The second reading points to us the folly of looking at God as someone who gives is prosperity! This is all due to the craze of the humankind which has prioritised prosperity and idolised the sense of having! Why is it that having in plenty and having in abundance is better than, having what you need and being happy with just the minimum! It looks like a thought out of the world, a thought that does not work! How easily we accept a statement like: you believe in God and you will have every thing you need in life; you submit yourself to God and you will have all the blessings that you think of...what a fallacy it is! St. Paul reminds us today: we believe in a God who made of Godself so poor, a God of total self-giving. God so loved the humanity that God gave everything including God's only son for our salvation; the Son so loved us that he gave us everything, including his own body and blood; the Spirit so loves us that the Spirit has deigned to make us the dwelling place! God became poor that we may feel enriched, blessed, filled with graces. So what should be our mentality? To seek to receive as much as we can? Or to give of ourselves as much as we can? That will decide whether we hold on to a god of arrogant prosperity or the God of loving poverty!

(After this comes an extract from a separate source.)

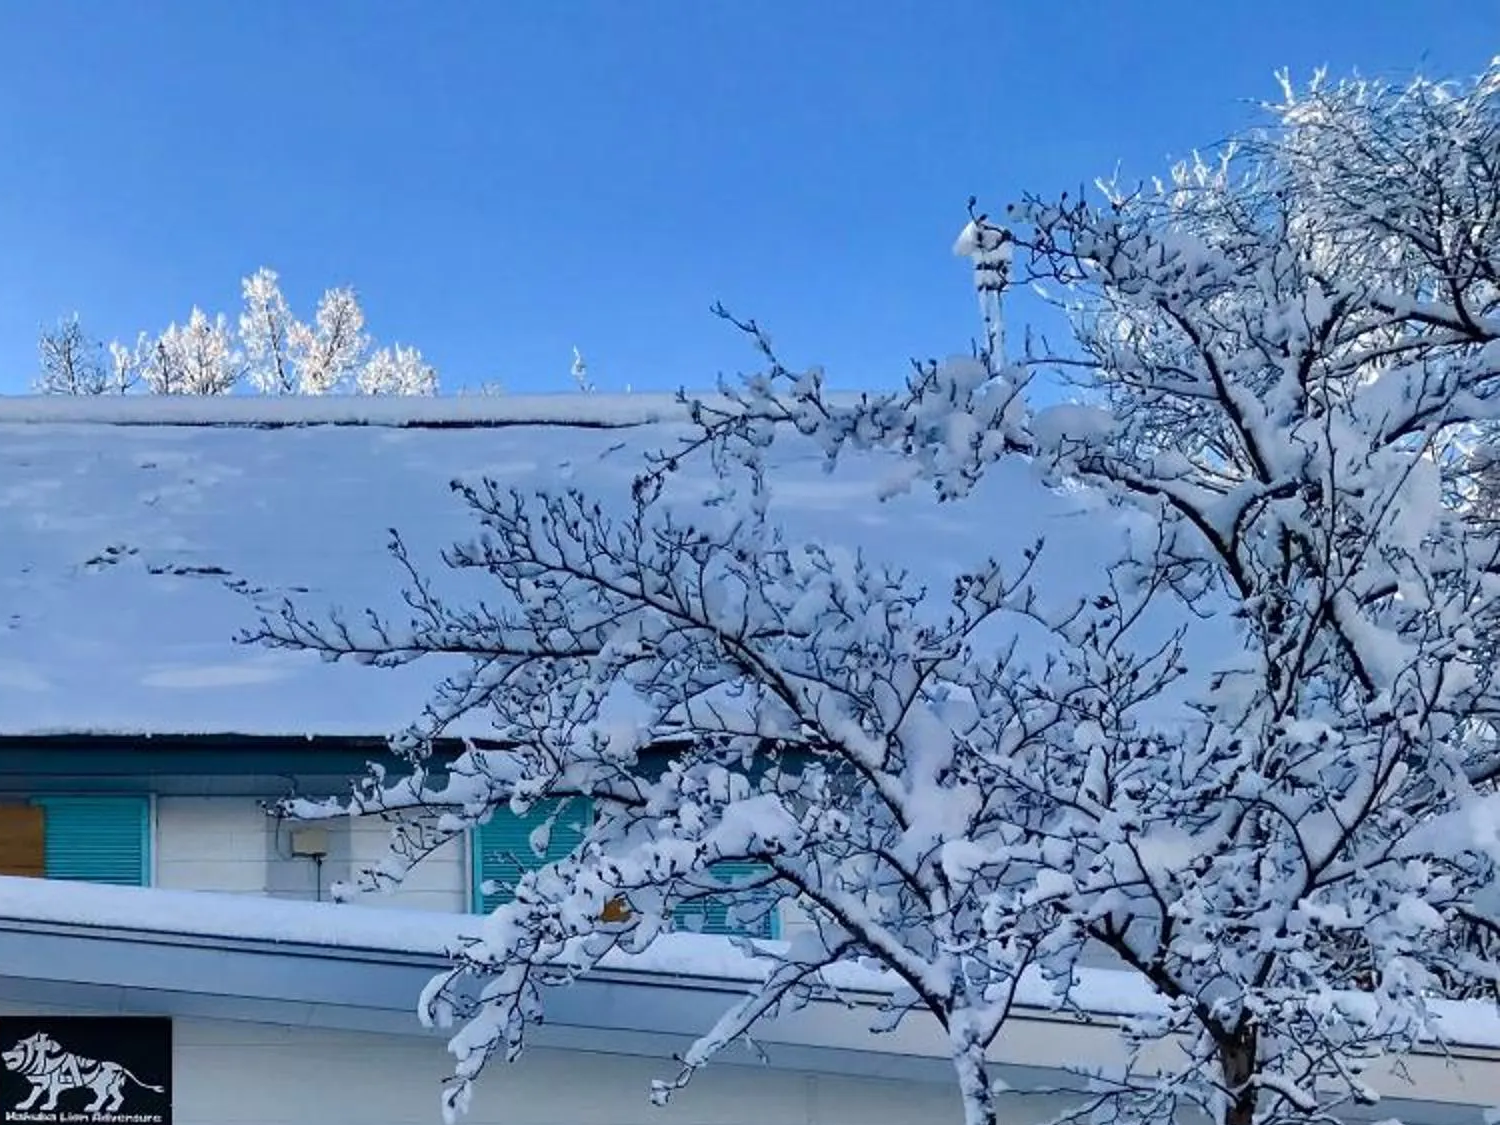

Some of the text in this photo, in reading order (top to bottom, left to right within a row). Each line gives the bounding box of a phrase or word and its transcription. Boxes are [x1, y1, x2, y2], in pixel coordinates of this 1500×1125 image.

God of healing or punishment

The Gospel speaks to us of the consoling God of healing...specially in these days when everywhere the talk is about disease and death, the God of healing is a great consolation indeed. It is so disheartening to hear some, although they call themselves persons of God, or prophets, or preachers, or evangelists or whatever title they wish to give...but speaking words like: this pandemic is a wrath of God, a punishment from God and so on! How I wish these were dumb, for God's sake! Jesus connects us to the God who is Love. Love does not wish the pain of others, love wishes nothing but good. At times there are things which come as a consequence of our actions, a collective damage that we create for ourselves, the effect of the greed of some which affects even the others and the innocent...but can we attribute that to God? Punishing God was an interpretation that the people of Israel often had recourse to, to explain their sad and unfortunate predicament...but Jesus trashed it...Jesus overthrew it...Jesus has challenged us to grow over it. Whether we touch God as the woman with hemorrhage did today, of God touches us as Jesus did to the girl on the death bed...the result is healing, wholenses, life! God is a healing God. God gives wholeness! God gives life. God gives health! God gives meaning! God gives purpose! God gives eternal life!

Who is my God? God of life! God who embraced poverty out of love for me! God who gives me healing! Can we rest with that question today: who is your God?